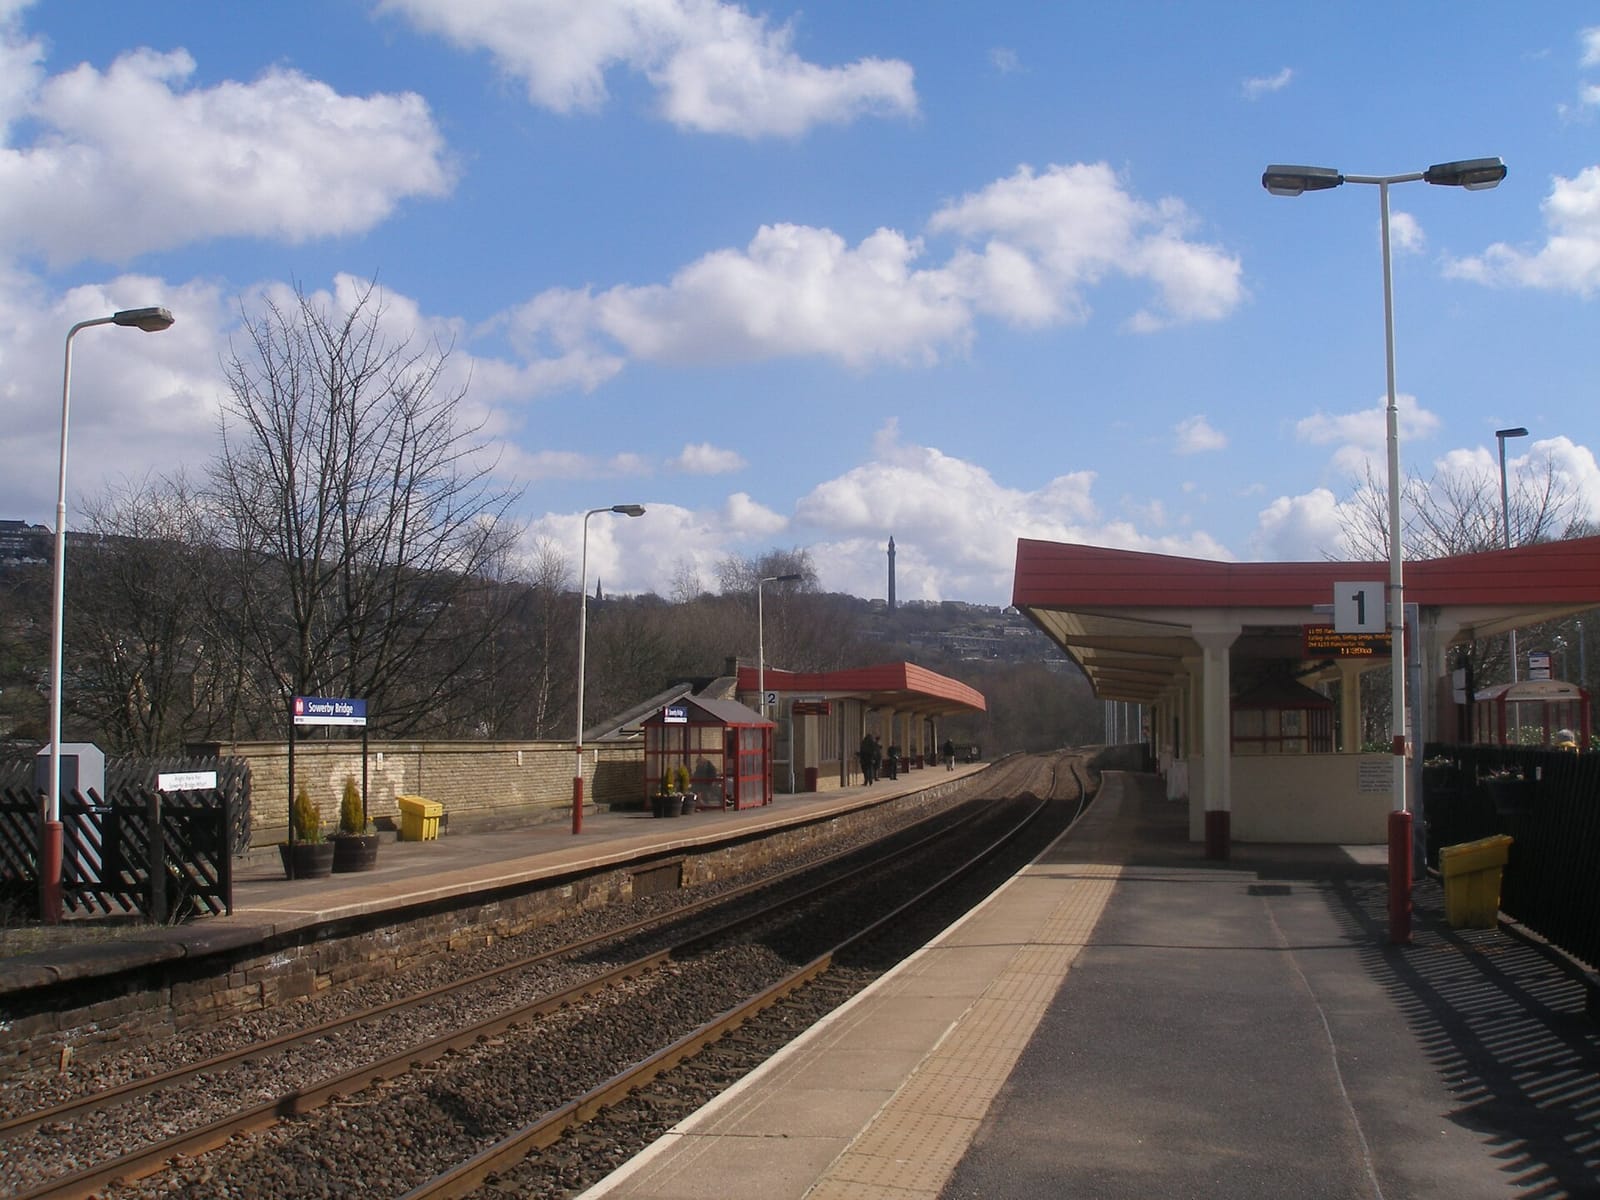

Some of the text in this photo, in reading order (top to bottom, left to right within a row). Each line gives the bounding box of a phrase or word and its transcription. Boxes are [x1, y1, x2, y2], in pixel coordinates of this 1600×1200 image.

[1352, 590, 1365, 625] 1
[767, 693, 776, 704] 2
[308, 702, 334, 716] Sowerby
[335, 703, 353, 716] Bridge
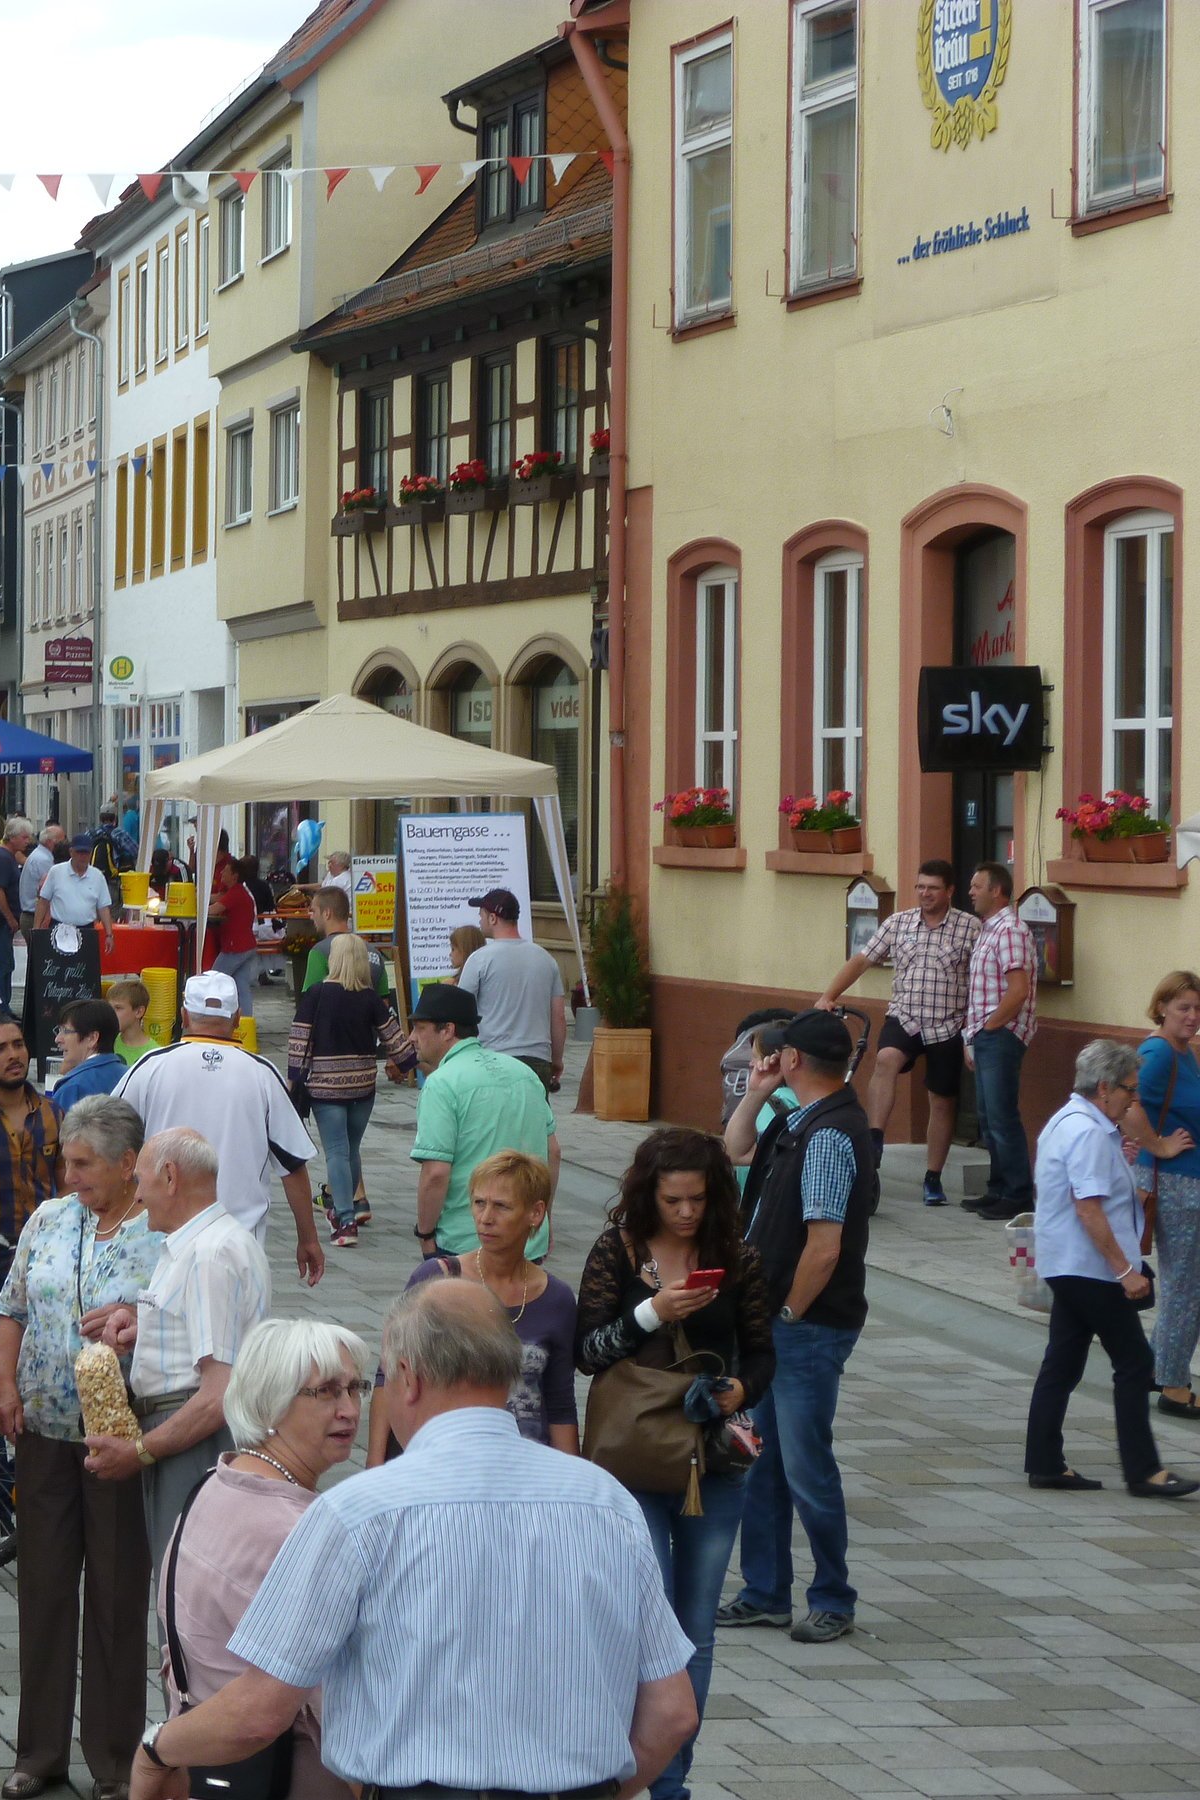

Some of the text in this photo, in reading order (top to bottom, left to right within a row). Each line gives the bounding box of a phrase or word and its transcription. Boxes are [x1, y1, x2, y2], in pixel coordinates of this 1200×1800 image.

= Goal of the exercise =
Give the records above again verbatim, pictures omitted.

= Answer space =
Some of the text in this photo, in reading order (top to bottom, left to right within a row). Each line gives the bounding box of a phrase or word and its transcription. Boxes are [x1, y1, x2, y2], in pixel coordinates of this 1600×1200 image.

[1352, 590, 1365, 625] 1
[767, 693, 776, 704] 2
[308, 702, 334, 716] Sowerby
[335, 703, 353, 716] Bridge

Some of the text in this photo, in reading order (top to bottom, left to right within a row). Each line gives the bounding box of a phrase or word and its transcription. Boxes are [x1, y1, x2, y2], in pixel coordinates of this 1200×1800 image.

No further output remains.